Archi was too far away to get his ram in my hull.
‘Take him,’ I said to Leukas. ‘Marines!’
He got his oars in and managed to retrieve his turn, but he’d lost too much way and our beak hit his cathead and splintered it, pushing his bow deep in the water. It bounced back out of the water like a leaping fish and then our bow scraped down his side and our grapples flew and Brasidas was over the side. I ran along my own half-deck until I liked the distance and then leapt.
It was over before my feet were on his catwalk. They were Aeolians of Lesvos, from Eressos, and they wanted no part of the Great King. When Brasidas killed their trierarch, the rest of the men surrendered and some cheered.
‘Greece!’ called a rower.
I leaned down into the oar decks. ‘Will you row for Greece?’ I roared.They were pressed men — always an error in a sea fight — and among the top-deck rowers were men who knew me and one or two I remembered from happier days.
I kept my marines aboard.
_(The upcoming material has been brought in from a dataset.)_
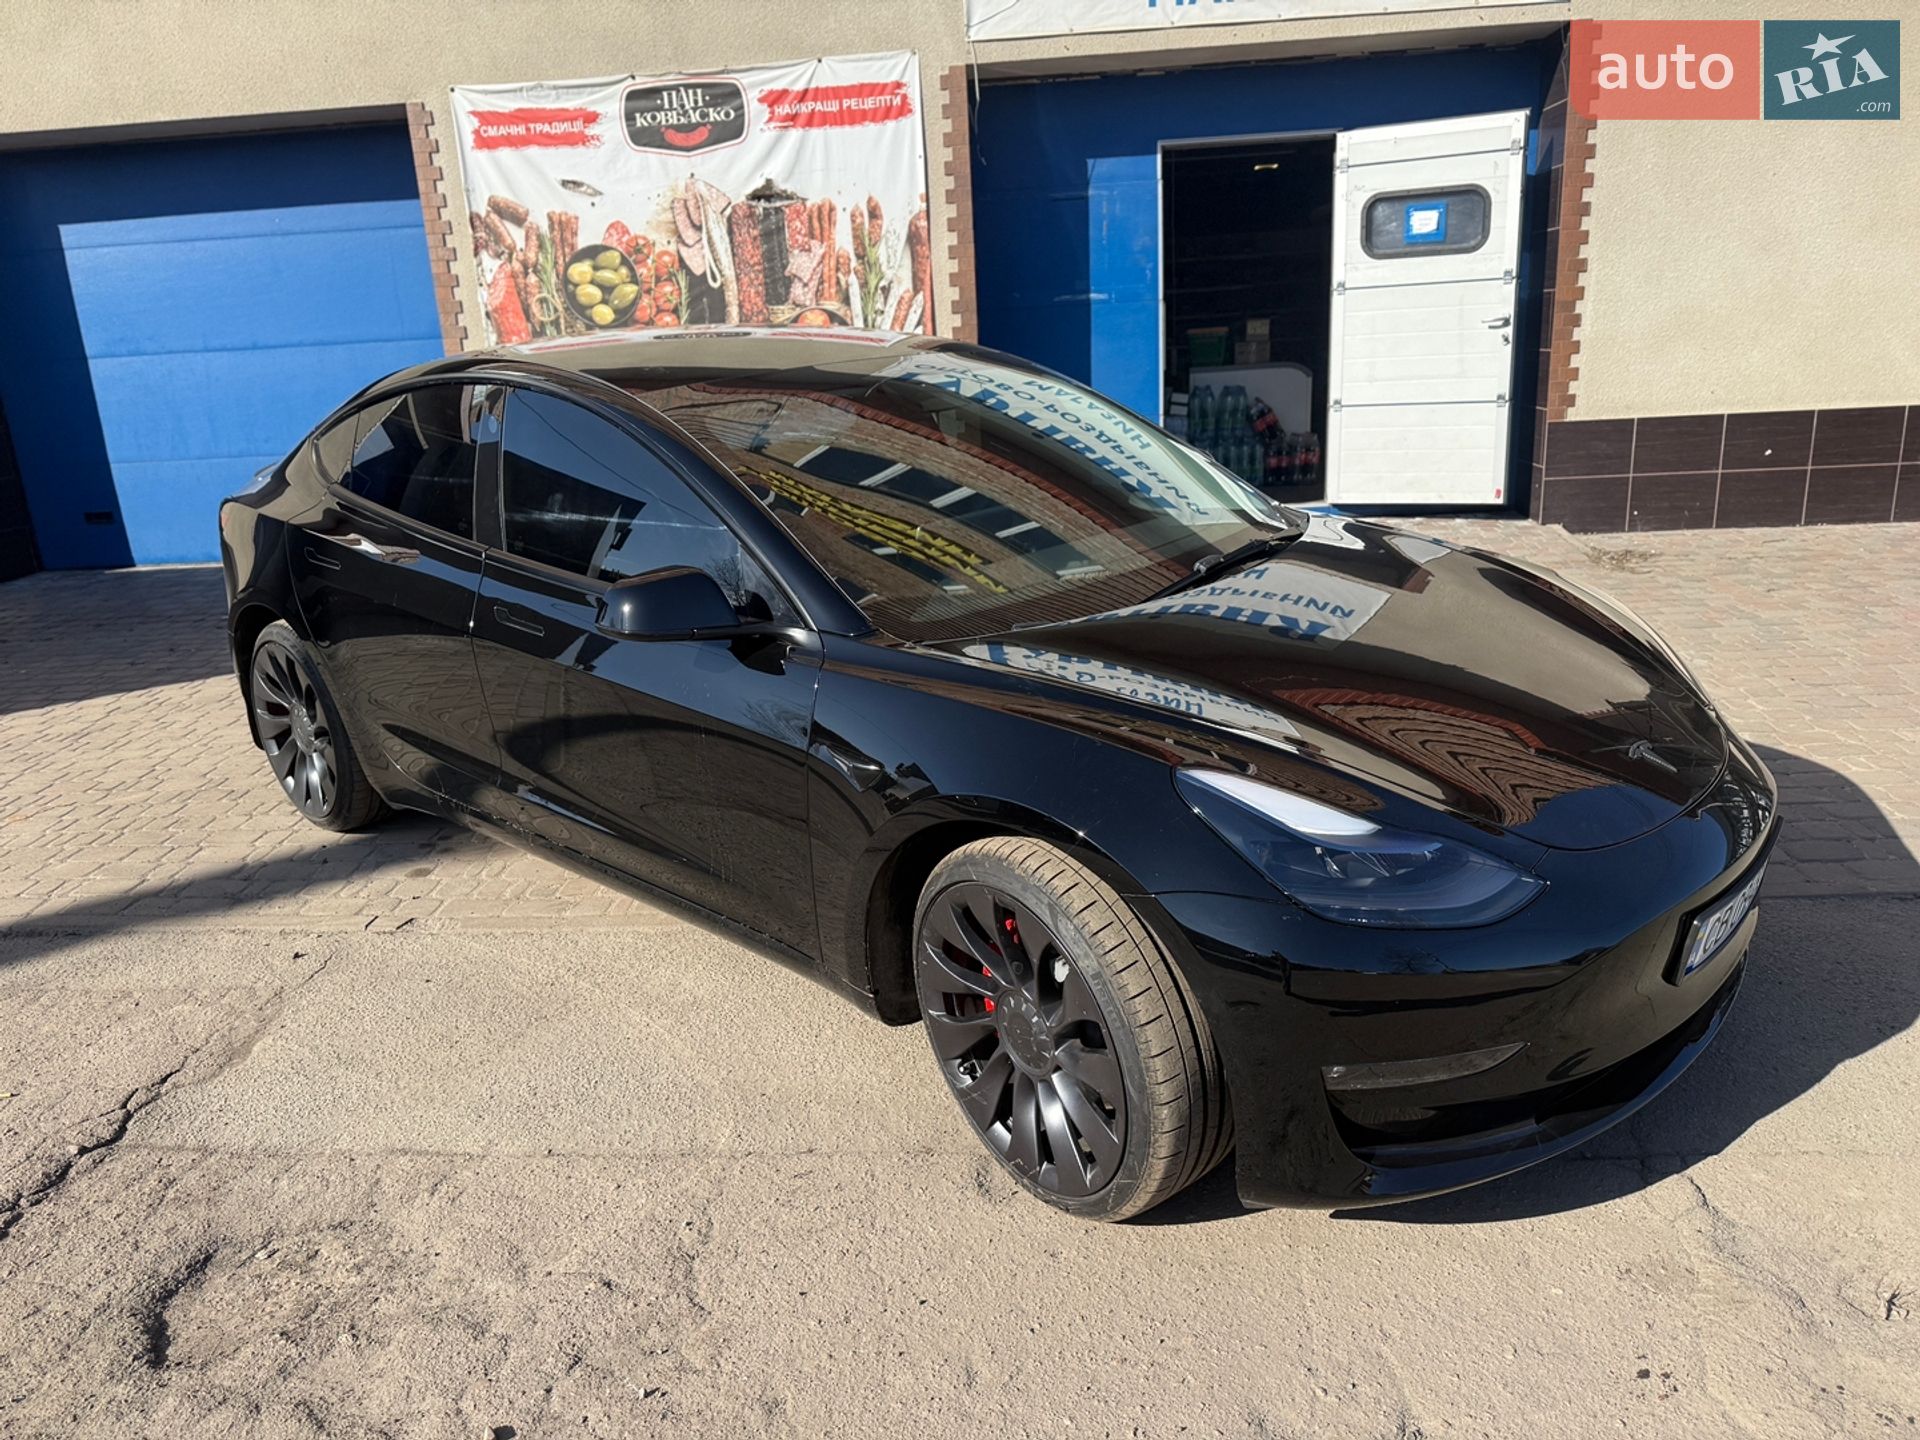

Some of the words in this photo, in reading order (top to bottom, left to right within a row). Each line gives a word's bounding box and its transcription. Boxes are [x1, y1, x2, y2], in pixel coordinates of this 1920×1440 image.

I was too old to take chances on trust.
I waved to Leukas and summoned Seckla to take the helm. The Lesbian helmsman protested, but I ordered him to sit down on the deck and put Seckla into the steering rig, and then Cimon — a Cimon with a bad sunburn and dark circles under his eyes — was calling from under my lee.
We bellowed back and forth like fishwives. But when he understood, we all turned broadside on to the rising waves, something we didn’t think the Ionians would attempt, and we ran east.
Ran is probably the wrong word. We crept east for a few stades and then we raised sail and ran north and east, and then, when we felt safe, at the edge of darkness, we lowered our sails and rowed along the coast of Euboea. We landed on the first good beach we could find and lit no fires. It was a long, bad night.
But as Cimon said, while drinking my wine, it was not a night he’d expected to live to see.